Ask HN: What would u do if AWS launches a service exactly as ur idea? - sriram_iyengar
I&#x27;ve been spending hours &amp; hours whenever i get free time from my work on a serverless application repository product equivalent. Now that AWS has it, how do i handle this ? 
Shelve the idea ?
======
mindcrime
I find it hilarious that people offer up "Shelve the idea" as the most obvious
response when AWS (or Microsoft or Google or Oracle or Twitter or Facebook or
Yahoo or $OTHER_BIG_CO) launch something like their project. Why would you do
that? Do you expect AWS to achieve 100% market dominance and leave literally 0
customers who might prefer your thing? Can you not see any way to segment the
market and identify a segment where you can make your product a better fit? Or
how about not trying to compete on _product_ attributes at all, but rather
compete on another basis like customer intimacy or service, etc? Or even
compete simply by having a better sales process?

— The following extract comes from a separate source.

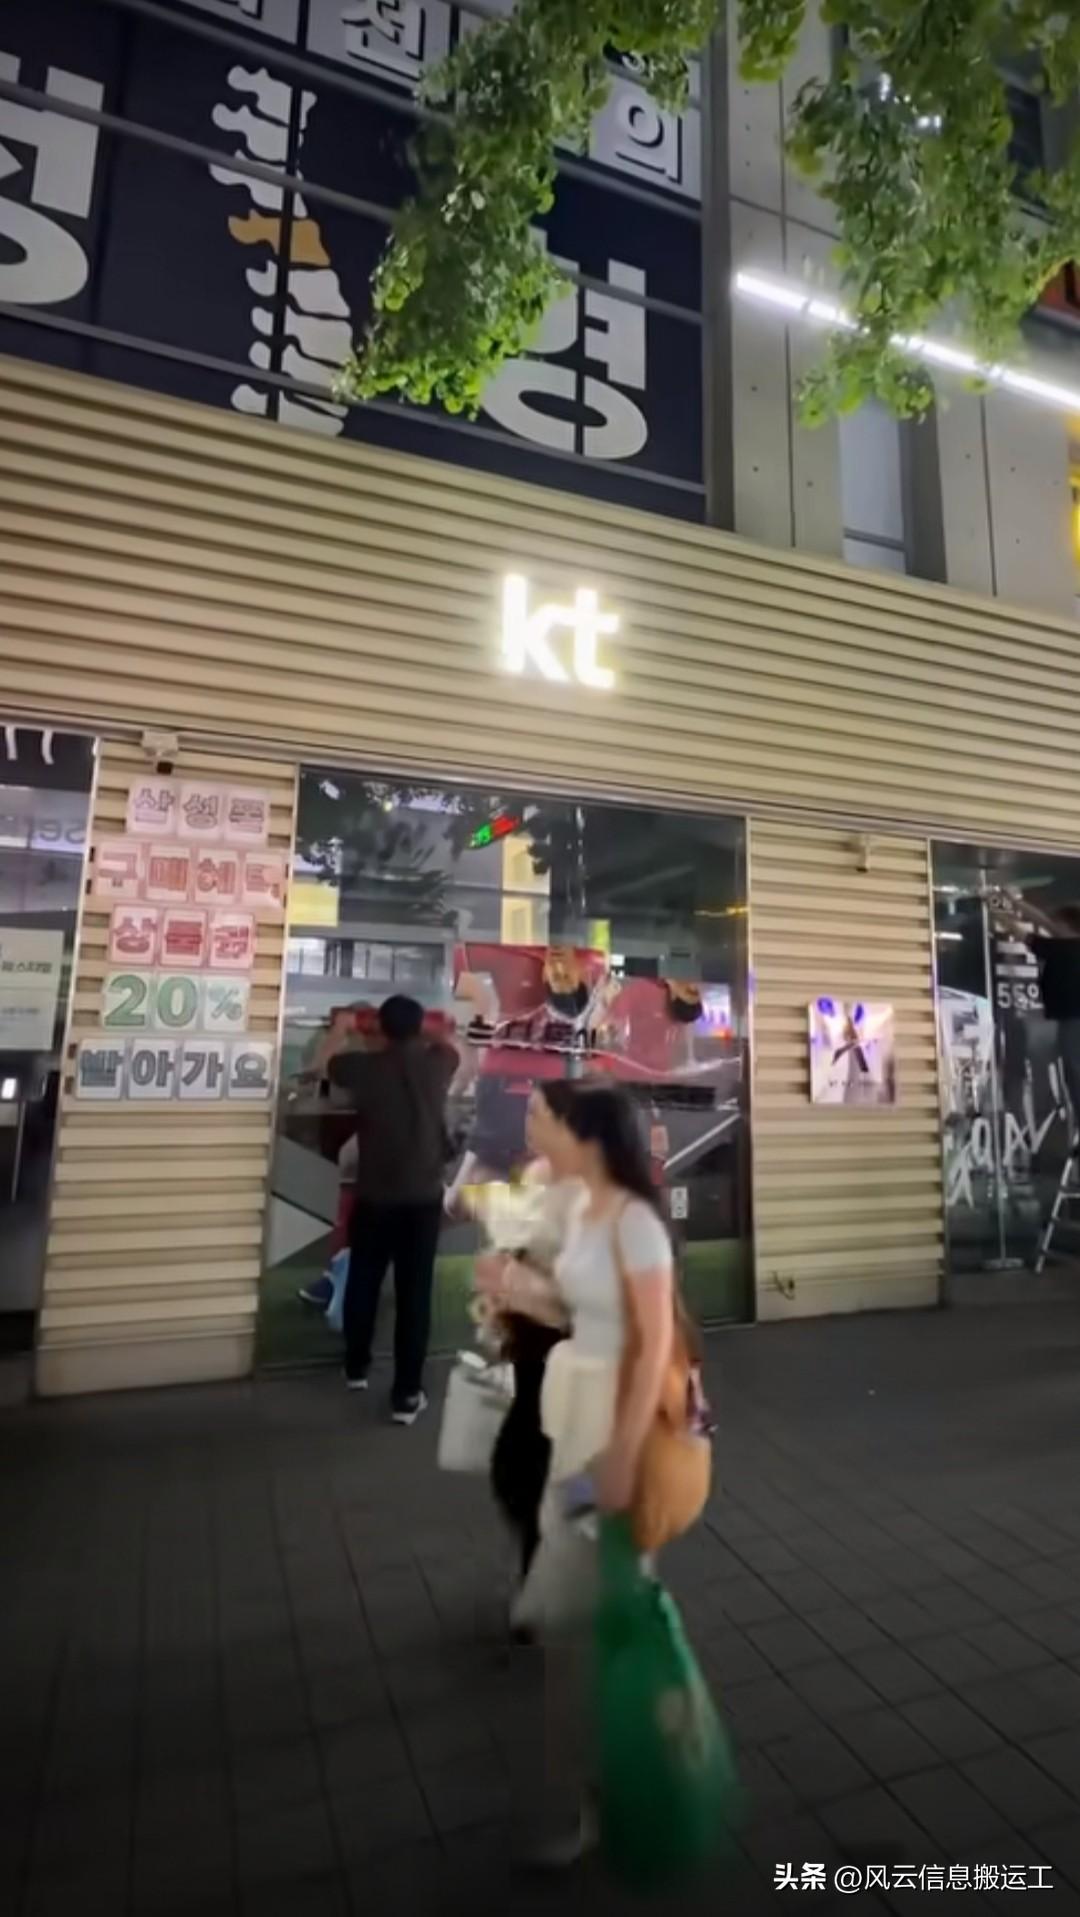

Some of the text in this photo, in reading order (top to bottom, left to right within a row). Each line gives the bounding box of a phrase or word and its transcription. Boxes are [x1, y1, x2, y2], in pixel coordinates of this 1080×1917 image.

[501, 573, 621, 689] kt
[104, 974, 243, 1028] 20%
[78, 1049, 270, 1089] 받아가요

I'd say take a little time out, read _The Discipline of Market Leaders_ ,
_Mastering The Complex Sale_ , and _Differentiate or Die_ and think about ways
you can compete with them. IF your analyzes leaves you with the conclusion
that the best thing to do is to drop your idea, then fine. But don't just
randomly decide to drop it because AWS is going to be competing with you.

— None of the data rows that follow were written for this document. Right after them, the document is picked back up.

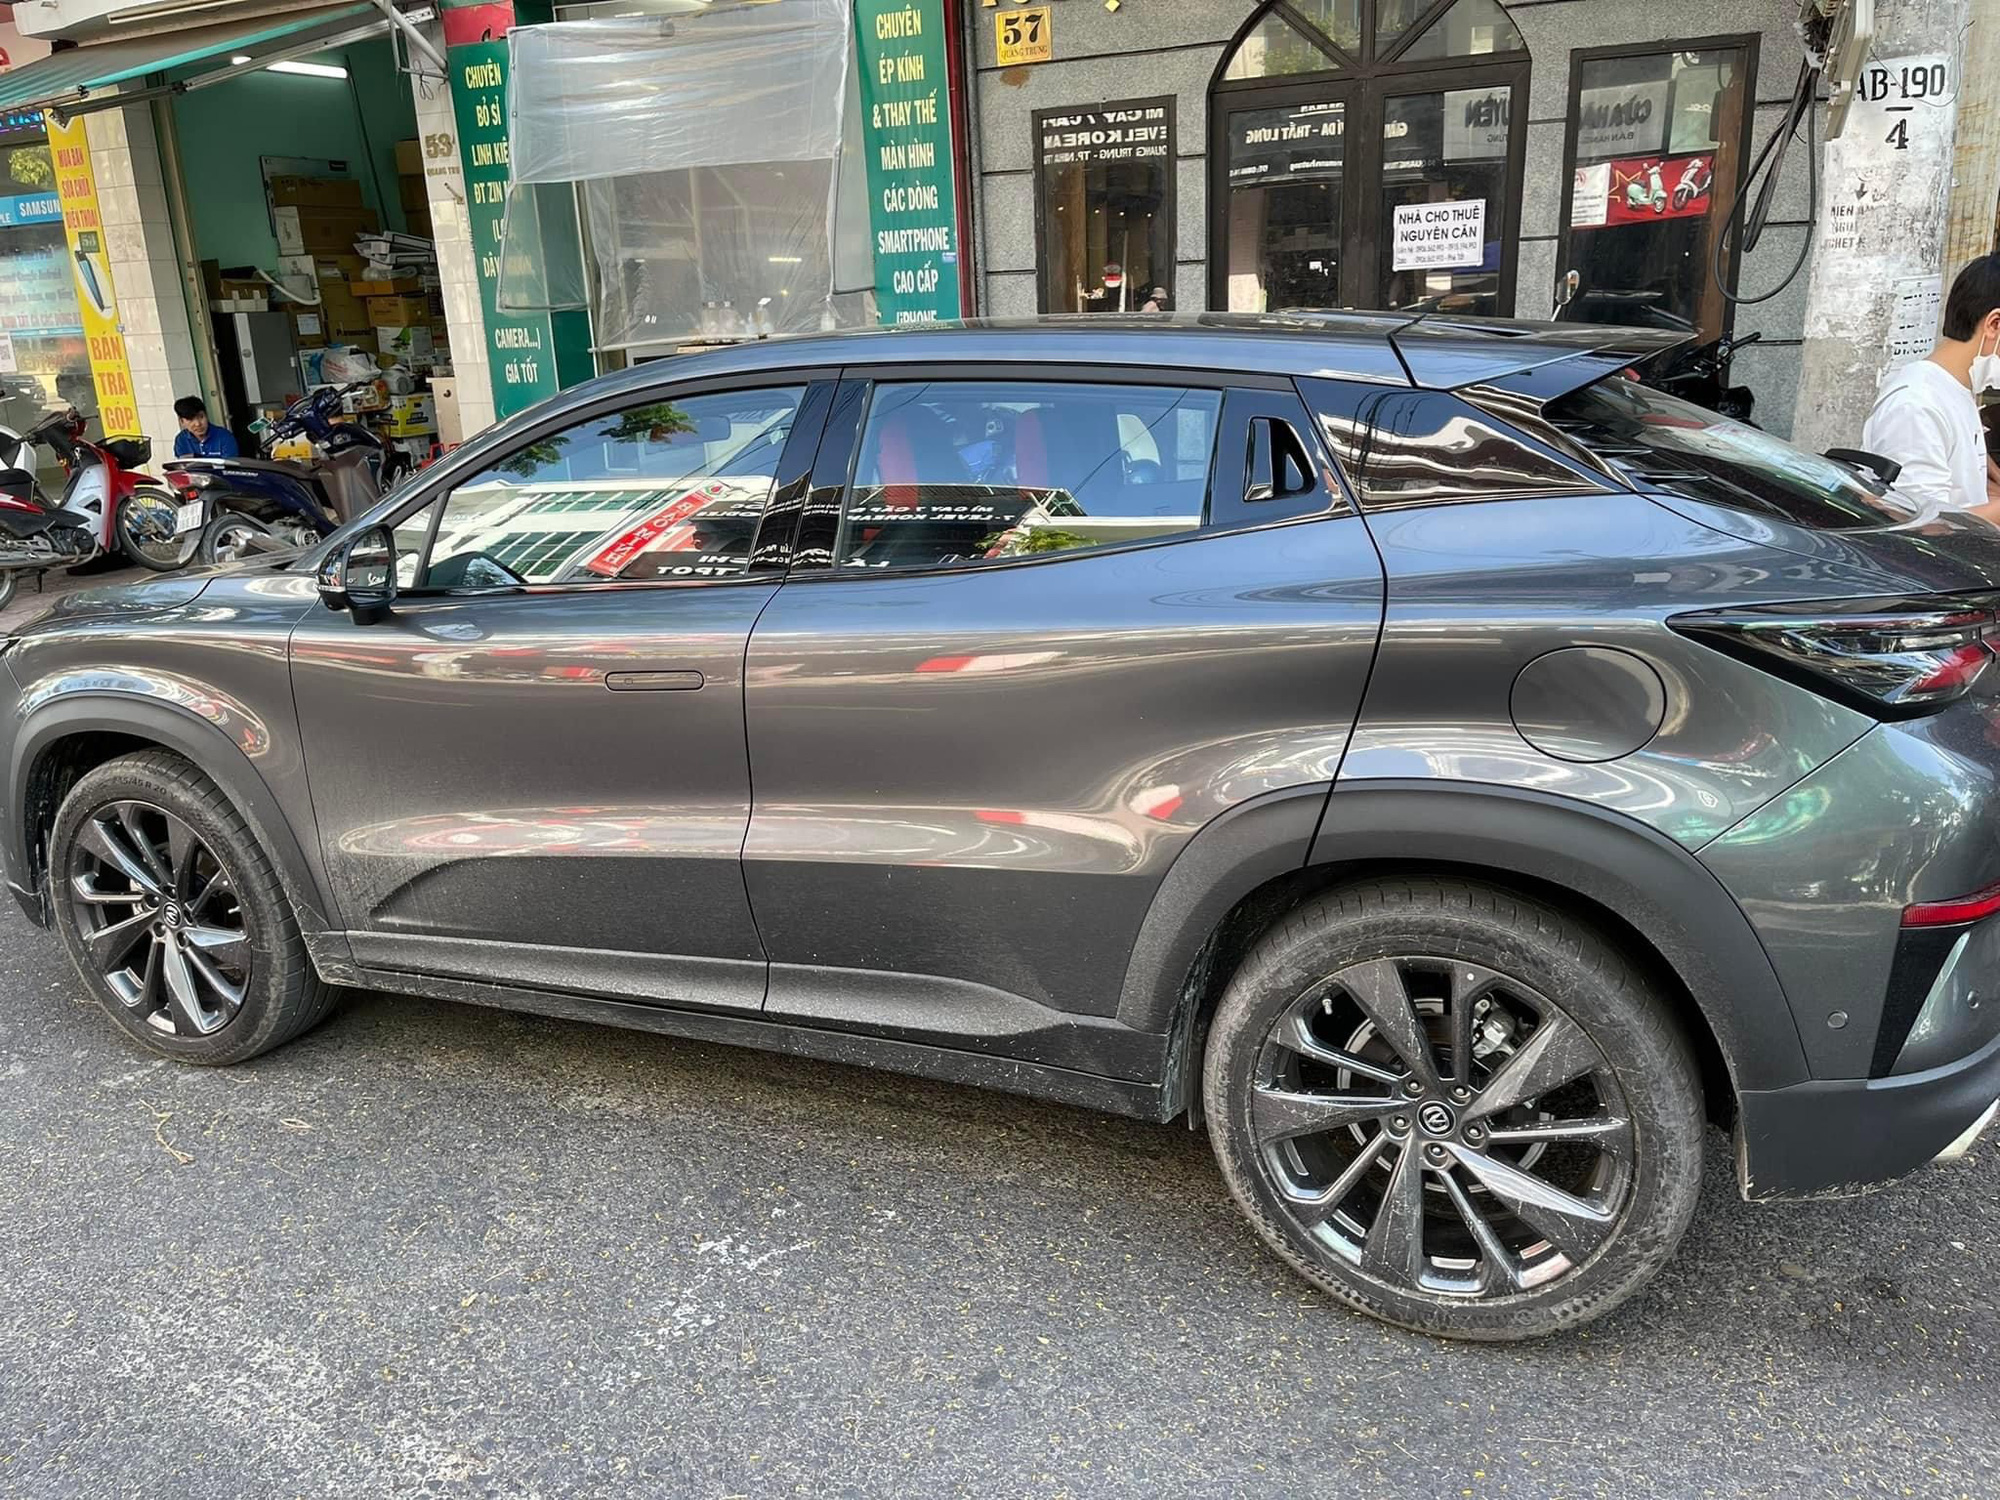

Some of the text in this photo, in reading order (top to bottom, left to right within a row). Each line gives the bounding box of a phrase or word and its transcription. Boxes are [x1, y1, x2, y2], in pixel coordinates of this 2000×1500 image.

[875, 3, 922, 40] CHUYÊN
[1003, 14, 1043, 45] 57
[465, 57, 502, 89] CHUYÊN
[878, 49, 925, 85] ÉP KÍNH
[475, 95, 490, 127] BỎ
[872, 87, 938, 130] & THAY THẾ
[424, 133, 454, 159] 53
[1884, 118, 1910, 150] 4
[471, 136, 509, 168] LINH KIỆ
[880, 137, 935, 170] MÀN HÌNH
[19, 199, 61, 217] SAMSUN
[883, 179, 939, 212] CÁC DÒNG
[1399, 205, 1480, 225] NHÀ CHO THUÊ
[877, 226, 950, 254] SMARTPHONE
[1400, 224, 1477, 242] NGUYÊN CĂN
[893, 260, 939, 294] CAO CẤP
[89, 330, 122, 361] BÁN
[97, 364, 128, 396] TRẢ
[505, 354, 538, 384] GIÁ TỐT
[104, 401, 134, 430] GÓP

Also, just a random thought that I recently had, given that I'm in the exact
same boat (trying to compete with stuff AWS is doing).. read up on the old
"Embrace and Extend" idea. I think there may be a kernel of something there,
in terms of using that to compete against larger players. It's a half-formed /
half-baked thought right now, but it might be worth chewing on a bit.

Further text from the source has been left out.